Print every line below exactly as written, but leave the pictures behind.

Given information
# # # #

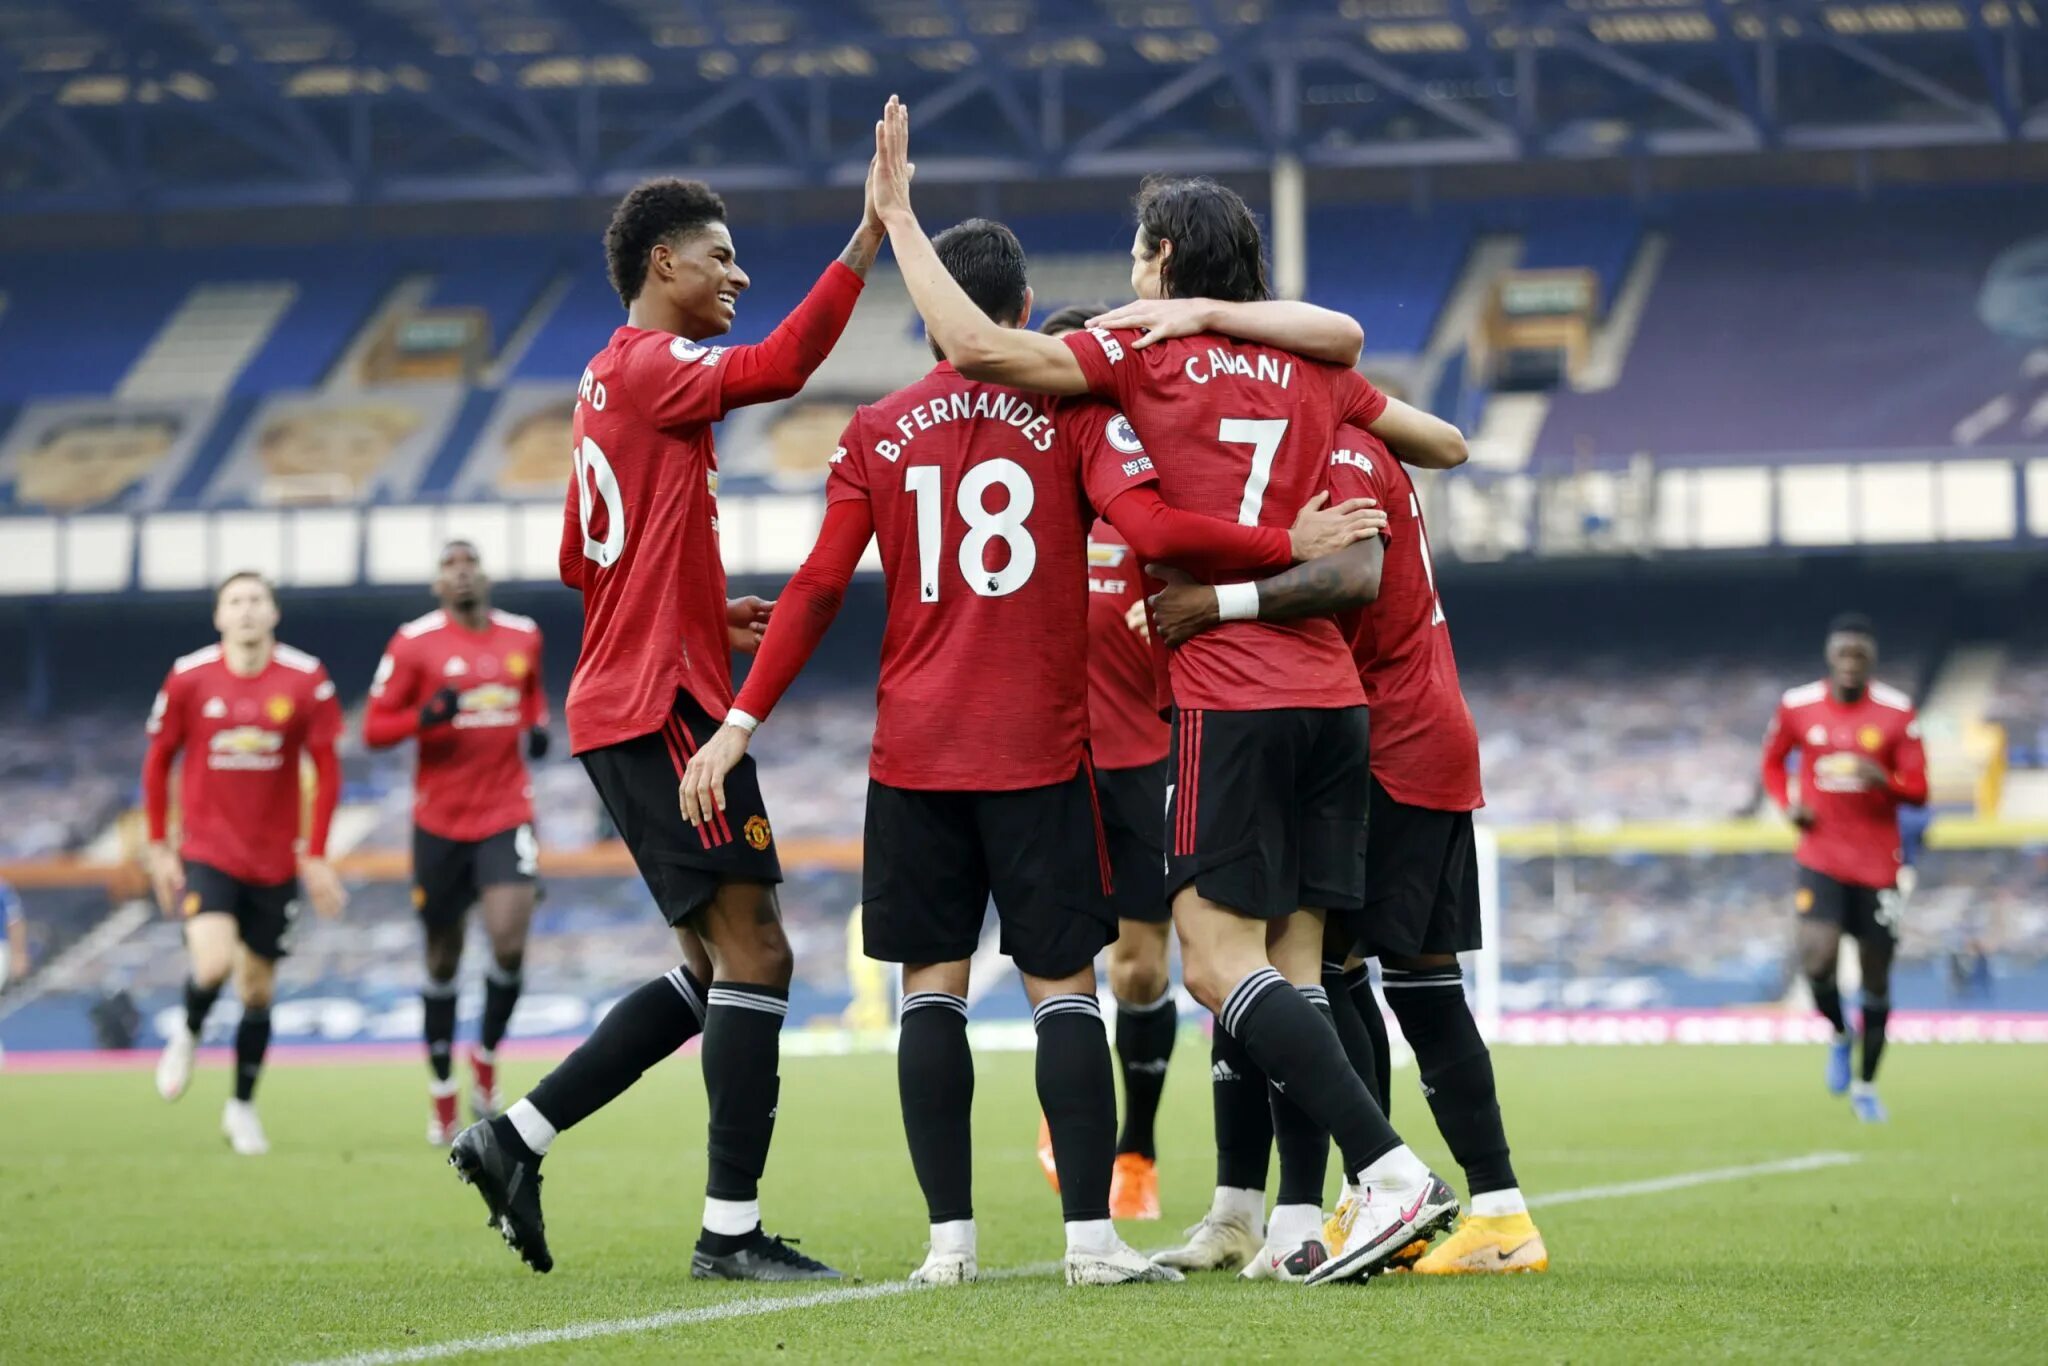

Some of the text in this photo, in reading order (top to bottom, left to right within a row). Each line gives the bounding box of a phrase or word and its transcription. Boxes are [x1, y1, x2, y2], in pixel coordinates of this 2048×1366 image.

[578, 366, 607, 412] RD
[1185, 347, 1292, 389] CAVANI
[875, 392, 1055, 463] B.FERNANDES
[1218, 418, 1289, 527] 7
[905, 457, 1037, 603] 18

# # # #

Exercise solution
Some of the text in this photo, in reading order (top to bottom, left to right within a row). Each line gives the bounding box of a phrase or word and its transcription. Boxes are [x1, y1, x2, y2], in pixel coordinates of this 2048×1366 image.

[578, 366, 607, 412] RD
[1185, 347, 1292, 389] CAVANI
[875, 392, 1055, 463] B.FERNANDES
[1218, 418, 1289, 527] 7
[905, 457, 1037, 603] 18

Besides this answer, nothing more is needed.